Do publishers know about this new demographic? Is there some way we can enlighten them?

Friday, March 23, 2007

The Virtues of Repression

This topic has been inspired by mention of Samuel R Delany in an earlier topic, Tour de Force, below.

I am moved to ask the following question: Is repression good for you? Or, if not for you exactly, for art?

Take Delany as an example. In his early career, it was forbidden, particularly within our commercial genre, to write explicitly about what, for the sake of euphemism, I shall refer to as "transgressive sexuality." As a result, Delany was forced into a series of artful and highly successful maneuvers in order to write about his interests/obsessions while still producing successful commercial fiction. His early work won a great many awards and influenced any number of younger writers, including me.

Now that the weight of repression has been lifted, and Delany can write explicitly about his sexual interests, including a number of books that are frankly pornographic. (Delany embraces that term, by the way.) I find his fiction less interesting, and the porn, at best, depressing. (I except Stars in My Pockets Like Grains of Sand, which was the terrific first half of a novel. I eagerly await the second half, twenty years on.) The only award Delany has won recently has been for his autobiography.

Or look at Roger Zelazny. He was a natural fantasist, but when he began writing there was no commercial fantasy available, so he had to write a kind of semi-fantasy that was disguised as science fiction. In the early novels there was always a tension between the science fiction overlay and the wild fantasy that was trying to break free, and Roger played on that tension like a master. Later, when fantasy had become a commercial genre and Roger could write outright fantasy, I found the fantasy less interesting.

Repression is good for business, because it makes people work harder at their jobs than at being happy. Is it good for fiction as well?

Was anyone interested in the breasts of Justice until Ashcroft draped them? Is football more intriguing when you never see the ball? Does Tokyo become more interesting when you have to pretend that Godzilla does not exist?

Discuss.

Saturday, March 17, 2007

Tour de Force

I just reread Roger Zelazny's Creatures of Light and Darkness for the first time in maybe thirty years. I'm not sure how I missed it during that time, since I regularly reread Roger's work. Perhaps I failed to go back to the book because my personal copy seems to have gone missing, so when I decided to reread it I found the book's out of print, and I couldn't find a copy in a local bookstore, so I had to borrow a copy from a friend.
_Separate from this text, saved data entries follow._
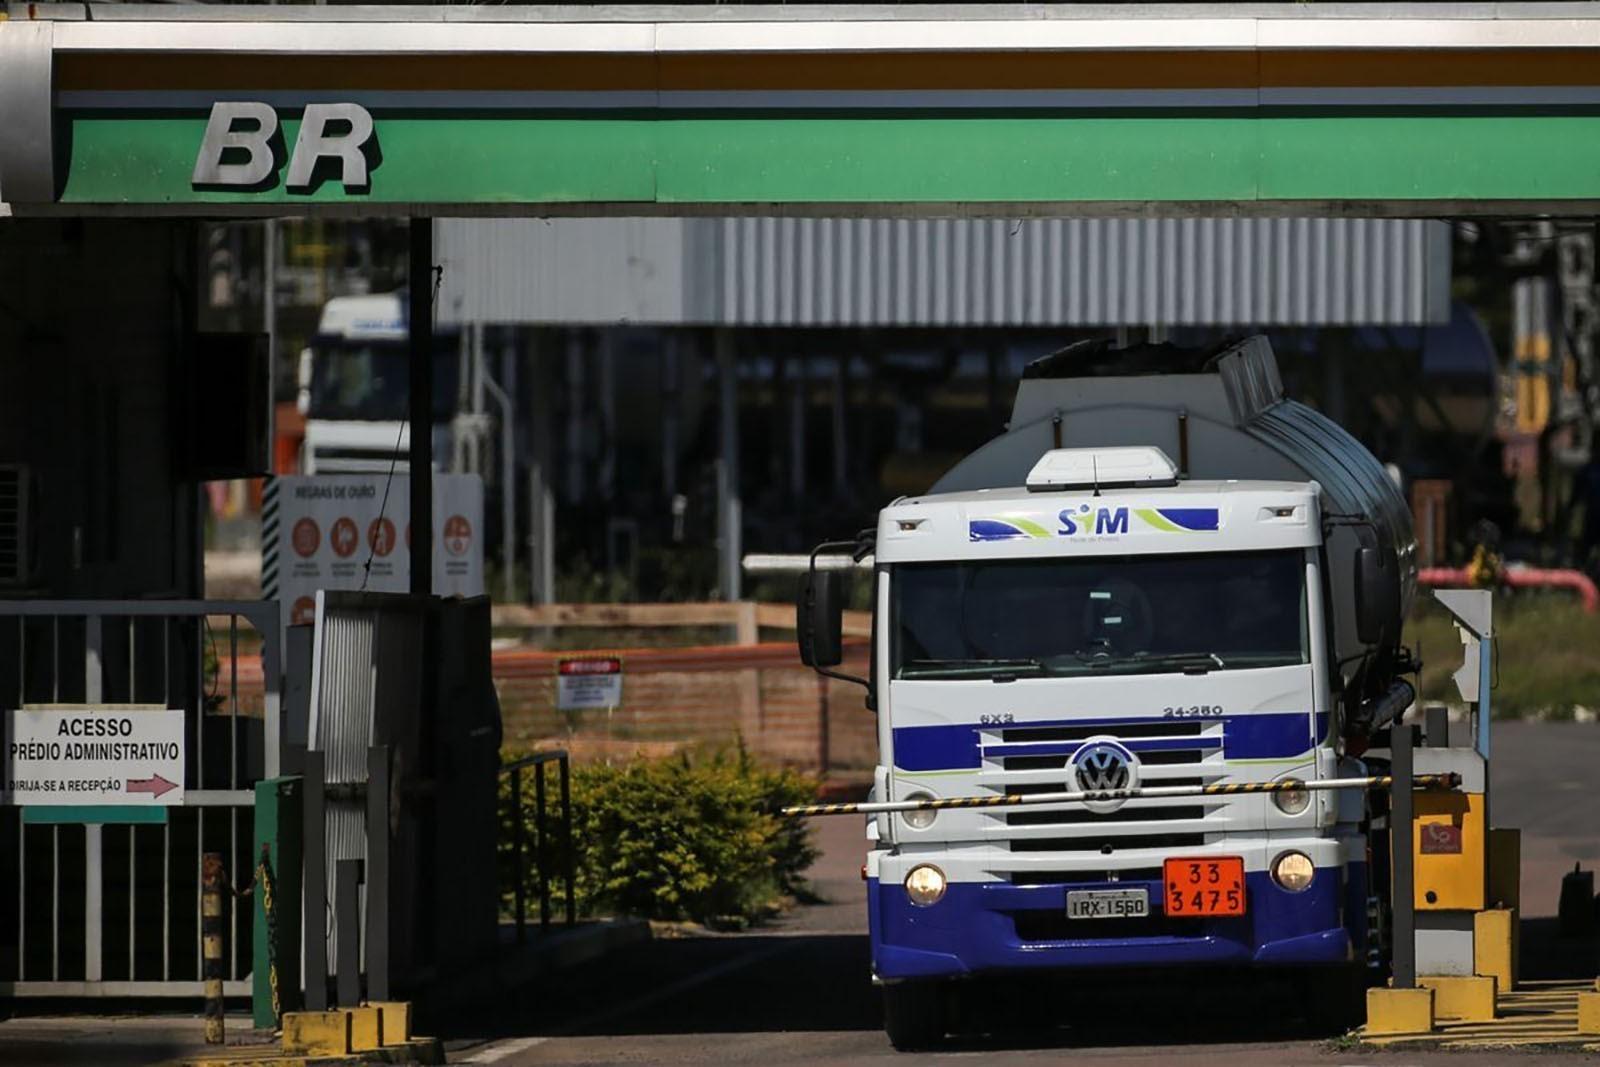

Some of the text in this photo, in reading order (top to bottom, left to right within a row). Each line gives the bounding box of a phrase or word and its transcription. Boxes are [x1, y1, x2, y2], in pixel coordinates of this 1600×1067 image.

[191, 101, 373, 187] BR
[58, 718, 132, 736] ACESSO
[10, 737, 179, 761] PRÉDIO ADMINISTRATIVO
[9, 776, 121, 794] DIRIJA-SE A RECEPÇÃO
[1171, 890, 1239, 911] 3475
Be that as it may, my reaction to the novel this time was different than it had been on previous readings.

My reaction this time was something like, Holy fucking shit! What a fucking tour de force!

I've been known to attempt tour de force myself. Sometimes a writer just wants to show off his skill before his audience, like a Renaissance artist producing one of those canvases that has armor, lace, flowers, porcelain, fruit, and a dead bunny, all worked beautifully into the composition.

And so, sometimes I write passages just because I can. Gabriel entering the Escher-like oneirochronon in Aristoi, Maria manipulating the Now in Angel Station, the first appearance of the Burning Woman in Metropolitan . . . while these scenes carry the plot forward, they're also intended to showcase my skill. I want you to read them and go waaaaaaaaah.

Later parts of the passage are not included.